Joinery Apprenticeship in Saxony c. 1700
by
Nele Lüttmann
9th October 2020

Checklist for becoming a master joiner in early 18th century Dresden:
- father or other family member is master joiner (not mandatory, sons of masters are however favoured)
- legitimate birth
- respectable warrantor
- minimum age: 17 years
- capital (e.g. for paying admission charge, apprentice’s due, entrance fee for the guild, a “Meisteressen”, i.e. hosting a dinner for the masters after the master craftsman examination)
- willing to travel to different towns and countries for at least five years
- capable of doing hard work efficiently
- unconcerned about long working hours and exploitation
- successful manufacture of a Meisterstück (=piece of furniture to qualify as master joiner), including drawing up two elaborate sketches of an architectural wardrobe
- command of the architectural principles, such as the order of the columns, perspective etc.
The young man Johann Gottlieb Borlach (b. 1691) fulfilled those criteria – at least we can assume this as it is noted in the records of the Dresden guild that on June 25, 1708 he was taken up as apprentice by his stepfather Georg Hübner.

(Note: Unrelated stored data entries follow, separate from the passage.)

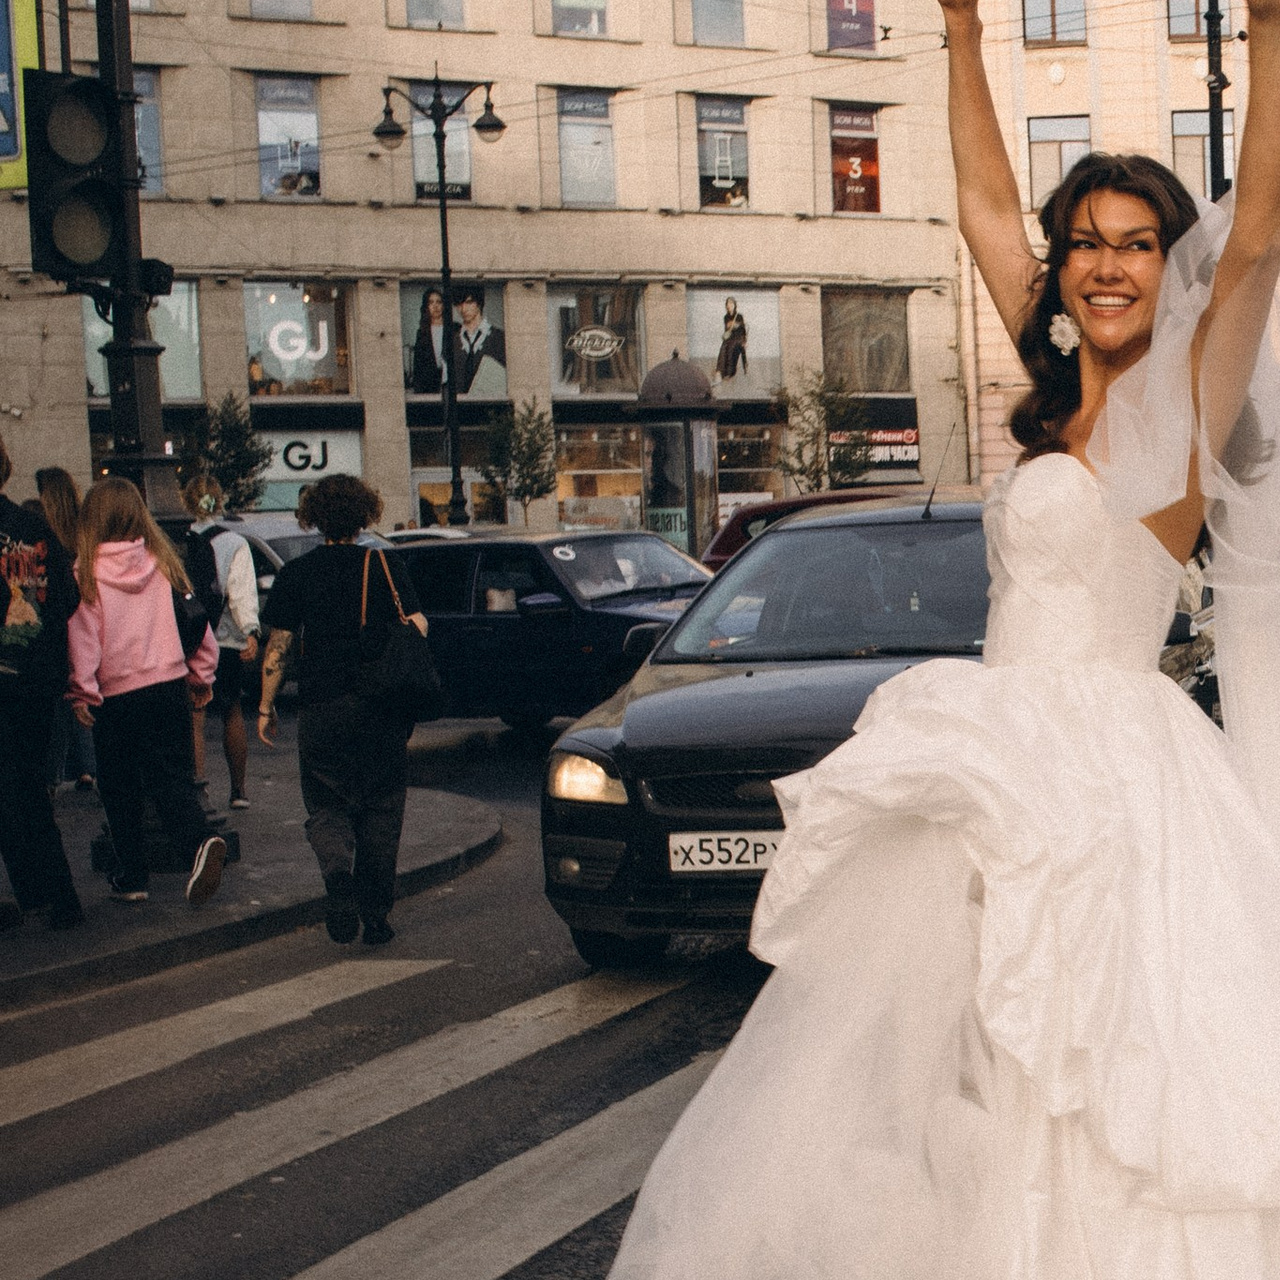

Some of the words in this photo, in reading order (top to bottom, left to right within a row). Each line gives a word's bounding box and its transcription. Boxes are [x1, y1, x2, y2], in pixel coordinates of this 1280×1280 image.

[848, 157, 862, 179] 3
[269, 320, 329, 361] GJ
[283, 441, 328, 471] GJ
[680, 838, 777, 866] Х552Р
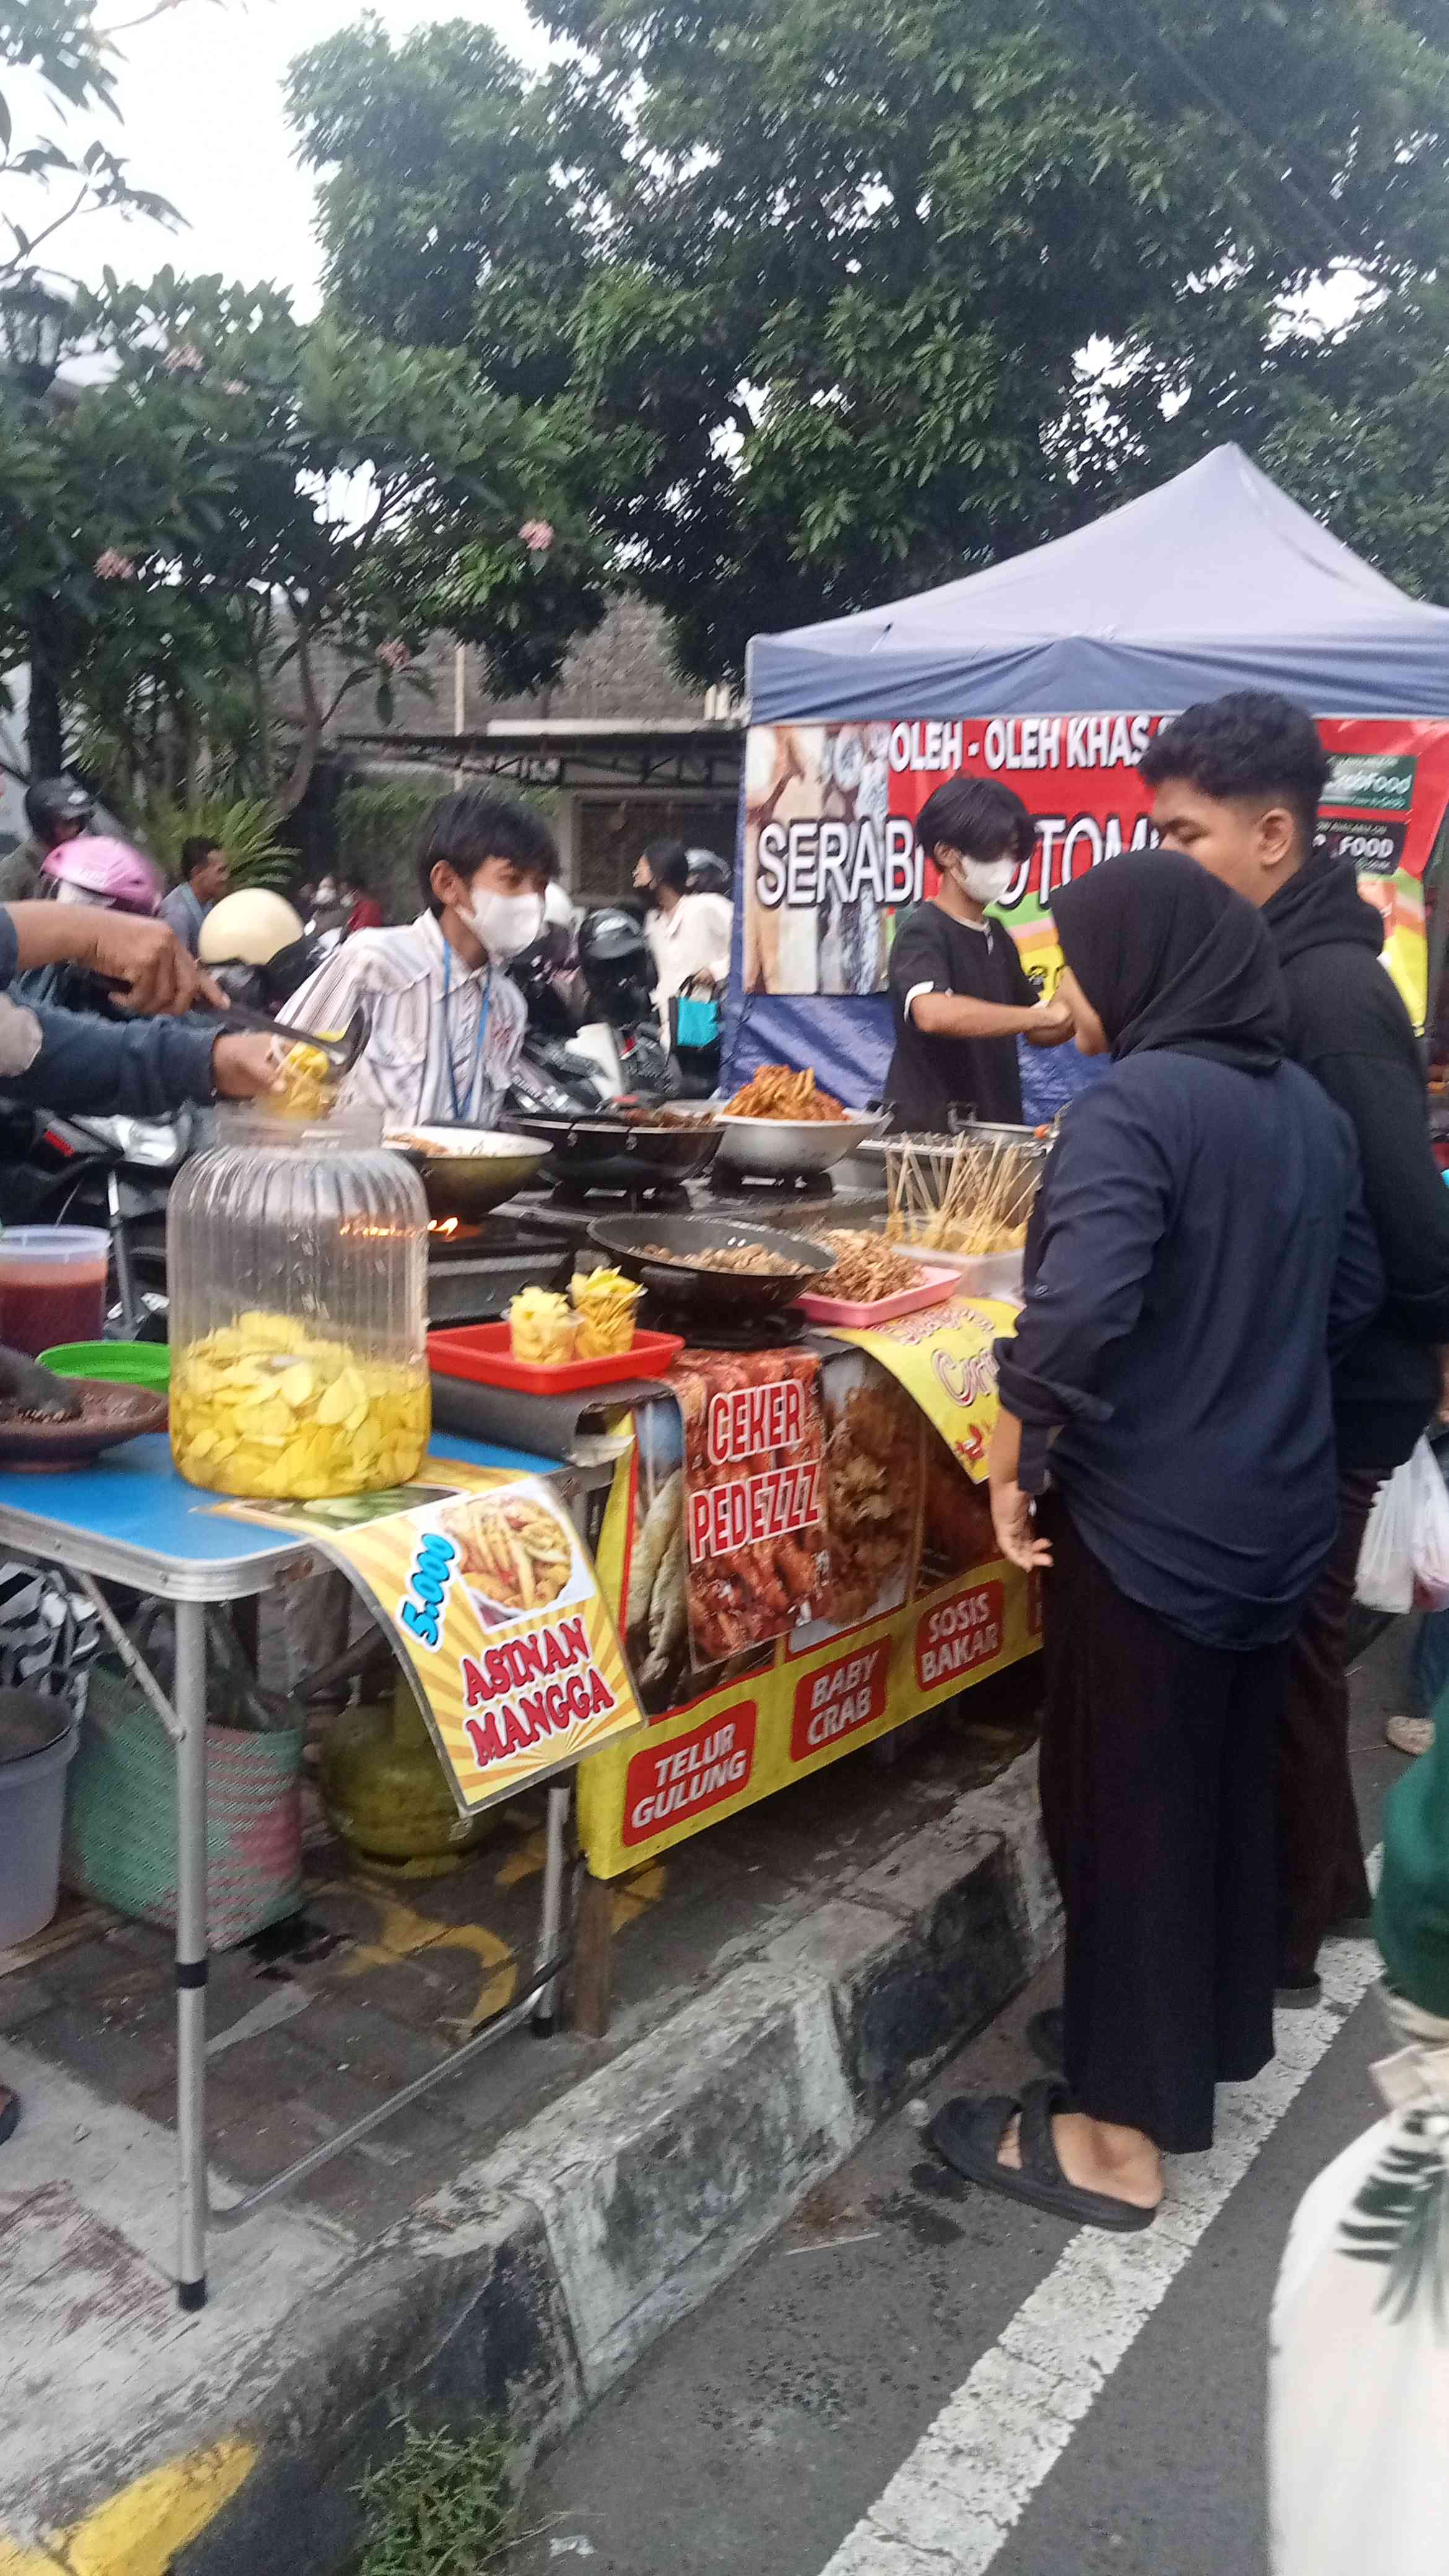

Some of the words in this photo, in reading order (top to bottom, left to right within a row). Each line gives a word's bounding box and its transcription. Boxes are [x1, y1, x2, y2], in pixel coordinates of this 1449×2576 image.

[888, 721, 963, 772] OLEH
[983, 718, 1062, 770] OLEH
[1066, 714, 1151, 768] KHAS
[757, 819, 925, 906] SERABI
[709, 1380, 805, 1464] CEKER
[690, 1461, 820, 1562] PEDEZZZ
[401, 1533, 456, 1647] 5.000
[929, 1591, 991, 1643] SOSIS
[462, 1617, 591, 1707] ASINAN
[811, 1648, 881, 1711] BABY
[920, 1621, 1000, 1684] BAKAR
[465, 1668, 615, 1767] MANGGA
[655, 1722, 736, 1788] TELUR
[807, 1686, 872, 1747] CRAB
[632, 1749, 747, 1829] GULUNG
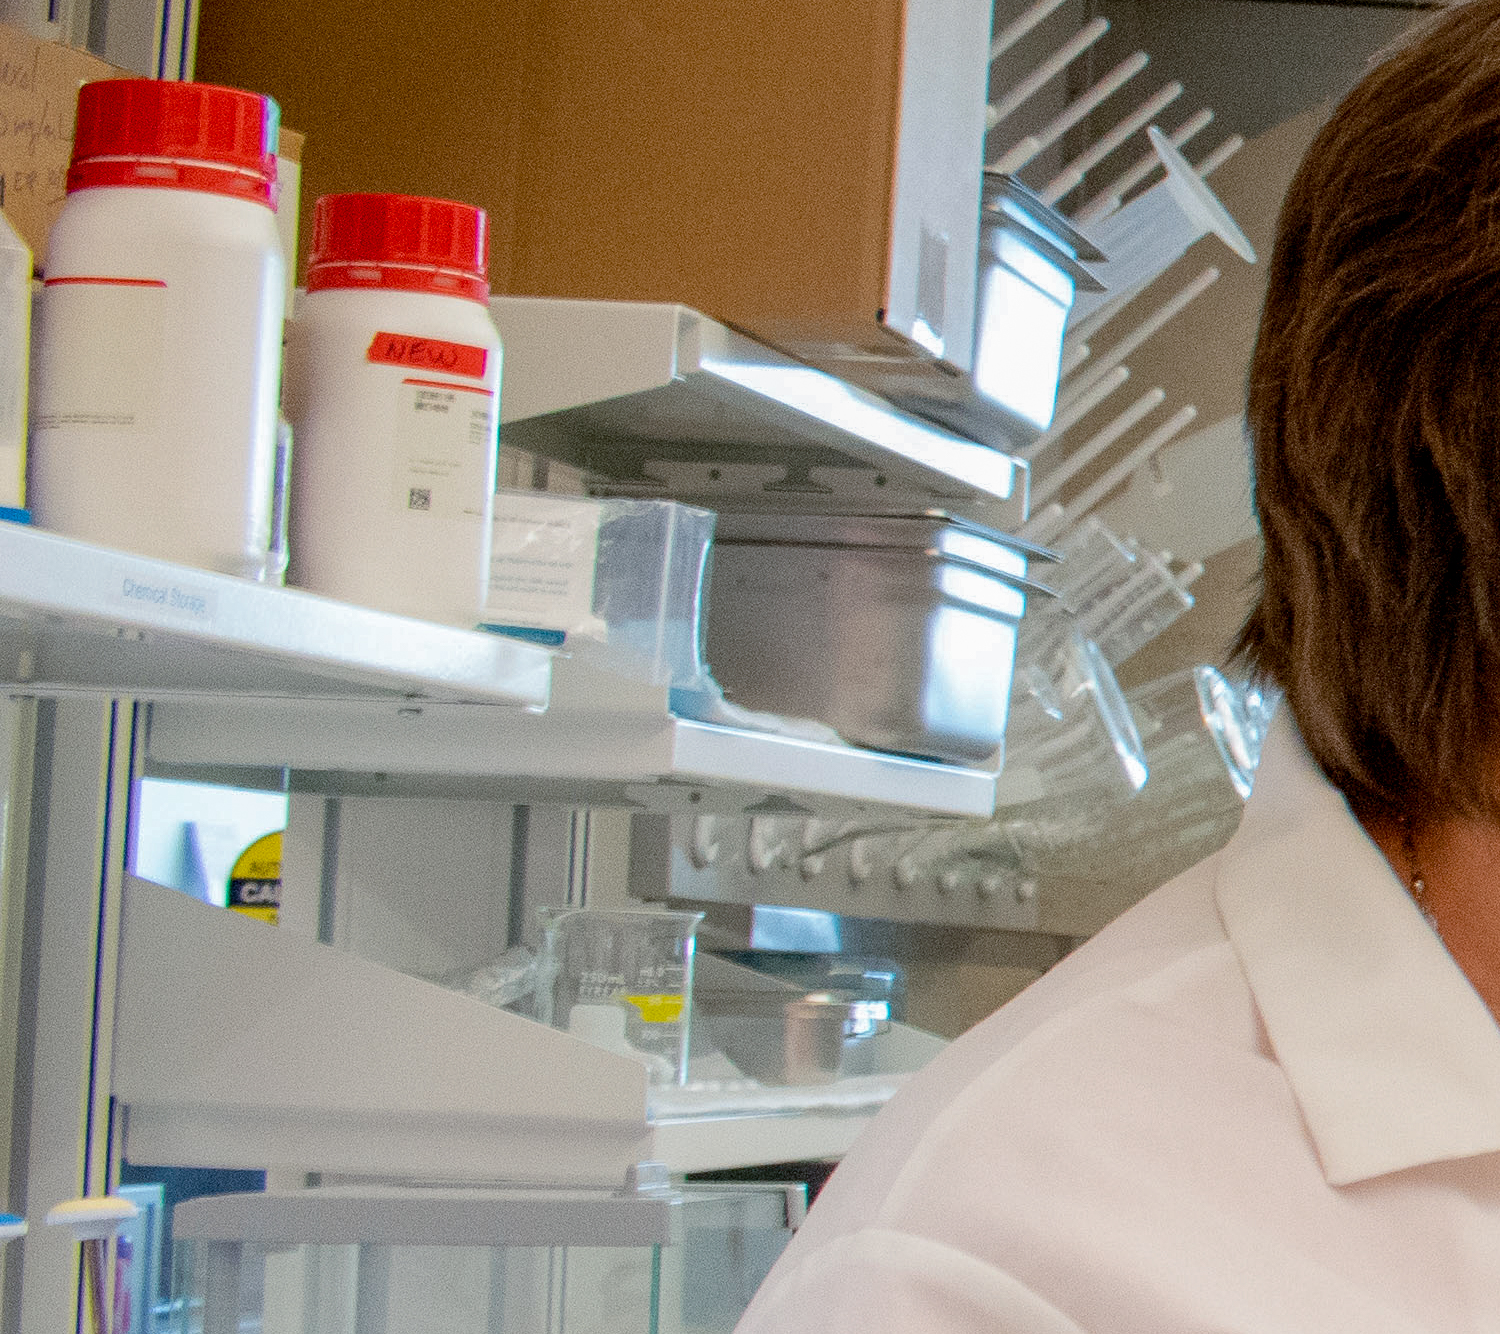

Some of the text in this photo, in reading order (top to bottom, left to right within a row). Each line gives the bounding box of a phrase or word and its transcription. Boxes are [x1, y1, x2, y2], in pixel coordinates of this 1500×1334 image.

To be accepted, he had to pay 1 thaler and 12 pence admission charge and apprentice’s due (Stadtarchiv Dresden, 11.2.64 Tischler [1523-1922]).
Even though Borlach’s further career is seemingly not further documented in the Saxon joinery guild records, we can roughly reconstruct his professional development according to the usual proceedings of a joinery apprenticeship in Germany at that time.

The usual period of apprenticeship was three to four years. However, given that masters mostly trained only one apprentice at a time and Borlach’s brothers were also apprentices to Hübner (his older brother started in 1703, his younger brother in 1713), it appears that Hübner had five years to train each brother. At the end of the apprenticeship, the soon-to-be joiners likely had to manufacture a test piece after which they were acquitted from apprentice to journeyman. The dean of the guild then issued the certificate of apprenticeship.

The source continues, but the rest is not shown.